IRC Sec. 41 Explained

The credit for increasing research activities under IRC Sec. 41 provides businesses with a federal income tax (or payroll tax for certain businesses) credit of up to 20% over a base amount for certain research and development activities. The credit is commonly referred to as the “R&D credit” or “research credit.” 

Taxpayers can claim the credit for two types of activities:

  1. Qualified research activities or qualified research expenses (“QREs”), and
  2. Basic research payments.

There are two different methods for calculating the R&D credit: The regular method and the alternative simplified method. Both credit calculations are current year QRE over a base amount. The regular method uses a higher statutory credit rate of 20%, with the base amount a function of the taxpayer’s average prior four-year gross receipts and a statutorily based fixed base percentage of QREs. The taxpayer is allowed a credit of 20% against the lesser of either incremental QRE or 50% of current year QRE. The full calculation of the regular method is extremely complex and outside the scope of this article.
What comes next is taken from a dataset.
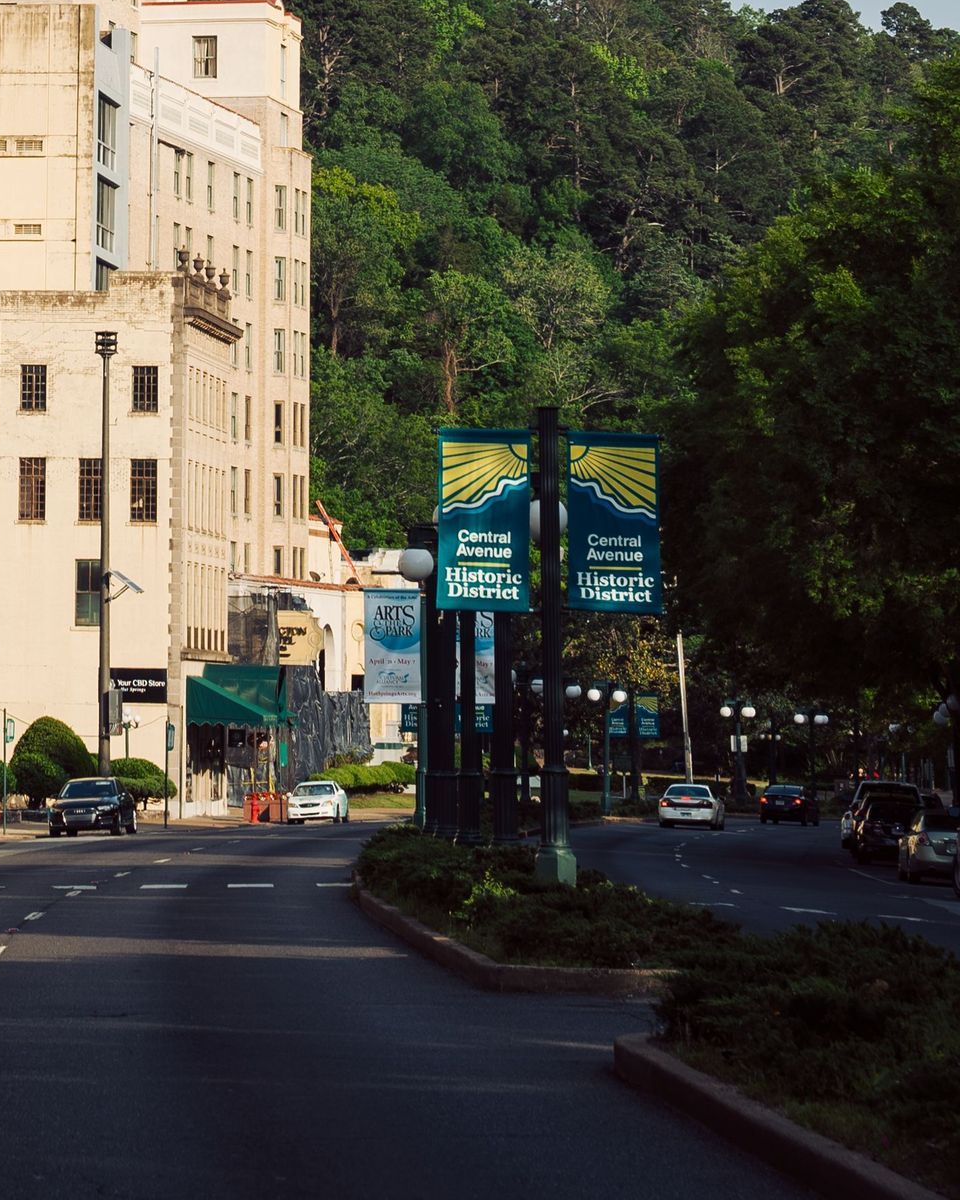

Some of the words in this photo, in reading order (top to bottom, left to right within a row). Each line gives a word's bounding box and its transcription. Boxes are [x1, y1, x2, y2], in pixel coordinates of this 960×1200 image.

The alternative simplified method (“ASC”) has a lower statutory rate of 14%. Under this method, the base amount is equal to half of the average of the taxpayer’s prior three-year QREs. The incremental QRE (current year over base amount) is then multiplied by the rate of 14% to determine the credit. For companies with no QRE in any one of the prior three-year tax periods, a 6% credit rate is applied against current year QRE to determine the credit.

IRC Sec. 45C Explained

IRC Sec. 45C is a relatively overlooked section of the tax code that gives companies an increased credit for clinical testing expenses for developing treatments for rare diseases or conditions. This credit is often referred to as the “orphan drug credit.” Under this section, businesses can claim a credit equal to up to 25% of qualified clinical testing expenses. This credit is intended to incentivize companies to develop treatments that are so rare that there would otherwise be no financial incentive for companies to develop them. 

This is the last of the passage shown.